Data listing ▸
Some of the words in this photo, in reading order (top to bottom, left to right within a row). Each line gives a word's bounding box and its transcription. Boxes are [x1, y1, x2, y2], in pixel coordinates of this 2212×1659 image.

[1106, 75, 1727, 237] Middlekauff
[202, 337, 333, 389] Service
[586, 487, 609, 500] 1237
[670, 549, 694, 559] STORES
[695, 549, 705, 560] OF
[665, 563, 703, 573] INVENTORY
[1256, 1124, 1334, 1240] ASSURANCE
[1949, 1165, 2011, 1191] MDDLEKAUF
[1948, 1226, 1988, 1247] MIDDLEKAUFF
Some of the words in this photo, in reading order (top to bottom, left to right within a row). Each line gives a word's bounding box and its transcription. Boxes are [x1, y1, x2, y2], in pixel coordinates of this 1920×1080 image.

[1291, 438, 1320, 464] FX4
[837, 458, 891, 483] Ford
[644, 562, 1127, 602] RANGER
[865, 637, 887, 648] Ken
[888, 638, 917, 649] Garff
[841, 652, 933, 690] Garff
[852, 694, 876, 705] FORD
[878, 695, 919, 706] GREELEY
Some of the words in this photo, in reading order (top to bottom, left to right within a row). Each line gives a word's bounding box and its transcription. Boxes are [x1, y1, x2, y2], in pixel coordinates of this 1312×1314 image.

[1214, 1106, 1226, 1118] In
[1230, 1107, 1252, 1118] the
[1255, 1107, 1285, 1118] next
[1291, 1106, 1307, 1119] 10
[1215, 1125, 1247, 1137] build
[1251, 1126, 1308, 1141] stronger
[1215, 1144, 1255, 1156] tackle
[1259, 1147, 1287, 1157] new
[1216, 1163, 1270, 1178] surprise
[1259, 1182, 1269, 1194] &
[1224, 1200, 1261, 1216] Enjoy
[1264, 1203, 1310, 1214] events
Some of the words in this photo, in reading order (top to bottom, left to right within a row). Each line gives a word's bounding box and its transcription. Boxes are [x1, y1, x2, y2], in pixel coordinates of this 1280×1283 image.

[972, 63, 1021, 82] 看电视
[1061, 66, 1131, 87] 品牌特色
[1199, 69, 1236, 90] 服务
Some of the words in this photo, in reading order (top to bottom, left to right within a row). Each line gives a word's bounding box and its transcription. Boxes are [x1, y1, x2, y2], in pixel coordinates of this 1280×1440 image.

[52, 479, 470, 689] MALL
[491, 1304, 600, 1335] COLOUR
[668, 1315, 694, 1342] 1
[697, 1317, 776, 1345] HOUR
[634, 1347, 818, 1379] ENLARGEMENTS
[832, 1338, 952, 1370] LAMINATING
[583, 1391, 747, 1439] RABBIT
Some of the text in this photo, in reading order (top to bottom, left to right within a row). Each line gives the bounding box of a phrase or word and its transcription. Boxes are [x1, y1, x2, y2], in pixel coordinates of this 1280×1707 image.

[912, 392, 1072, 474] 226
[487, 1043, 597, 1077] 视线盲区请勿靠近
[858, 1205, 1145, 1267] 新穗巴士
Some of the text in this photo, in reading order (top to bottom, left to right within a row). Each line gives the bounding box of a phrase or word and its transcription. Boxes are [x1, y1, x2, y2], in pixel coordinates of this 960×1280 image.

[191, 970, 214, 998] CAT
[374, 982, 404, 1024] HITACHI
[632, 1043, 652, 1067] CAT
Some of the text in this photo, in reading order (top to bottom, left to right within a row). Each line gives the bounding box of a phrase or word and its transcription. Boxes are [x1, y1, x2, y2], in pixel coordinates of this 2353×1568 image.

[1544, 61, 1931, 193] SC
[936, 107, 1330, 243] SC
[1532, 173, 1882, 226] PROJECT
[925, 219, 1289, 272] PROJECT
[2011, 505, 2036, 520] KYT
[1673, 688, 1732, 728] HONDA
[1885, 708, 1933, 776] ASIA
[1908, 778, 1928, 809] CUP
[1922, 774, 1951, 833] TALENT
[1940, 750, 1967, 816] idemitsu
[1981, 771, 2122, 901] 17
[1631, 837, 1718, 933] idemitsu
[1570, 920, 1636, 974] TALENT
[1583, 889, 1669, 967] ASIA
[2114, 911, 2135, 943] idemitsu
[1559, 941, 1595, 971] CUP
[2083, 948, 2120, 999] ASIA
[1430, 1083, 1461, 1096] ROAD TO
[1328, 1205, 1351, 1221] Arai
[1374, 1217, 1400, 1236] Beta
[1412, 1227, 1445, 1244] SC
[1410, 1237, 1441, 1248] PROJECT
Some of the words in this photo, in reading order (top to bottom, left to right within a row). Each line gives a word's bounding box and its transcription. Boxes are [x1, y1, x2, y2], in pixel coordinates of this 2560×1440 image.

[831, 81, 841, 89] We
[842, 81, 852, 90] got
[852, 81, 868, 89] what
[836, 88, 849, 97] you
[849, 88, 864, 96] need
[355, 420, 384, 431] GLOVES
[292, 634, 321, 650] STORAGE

Your objective ▸
Reproduce verbatim only the lines from the one holding "this 2560×1440 image." through the end of the records.

Task result ▸
Some of the words in this photo, in reading order (top to bottom, left to right within a row). Each line gives a word's bounding box and its transcription. Boxes are [x1, y1, x2, y2], in pixel coordinates of this 2560×1440 image.

[831, 81, 841, 89] We
[842, 81, 852, 90] got
[852, 81, 868, 89] what
[836, 88, 849, 97] you
[849, 88, 864, 96] need
[355, 420, 384, 431] GLOVES
[292, 634, 321, 650] STORAGE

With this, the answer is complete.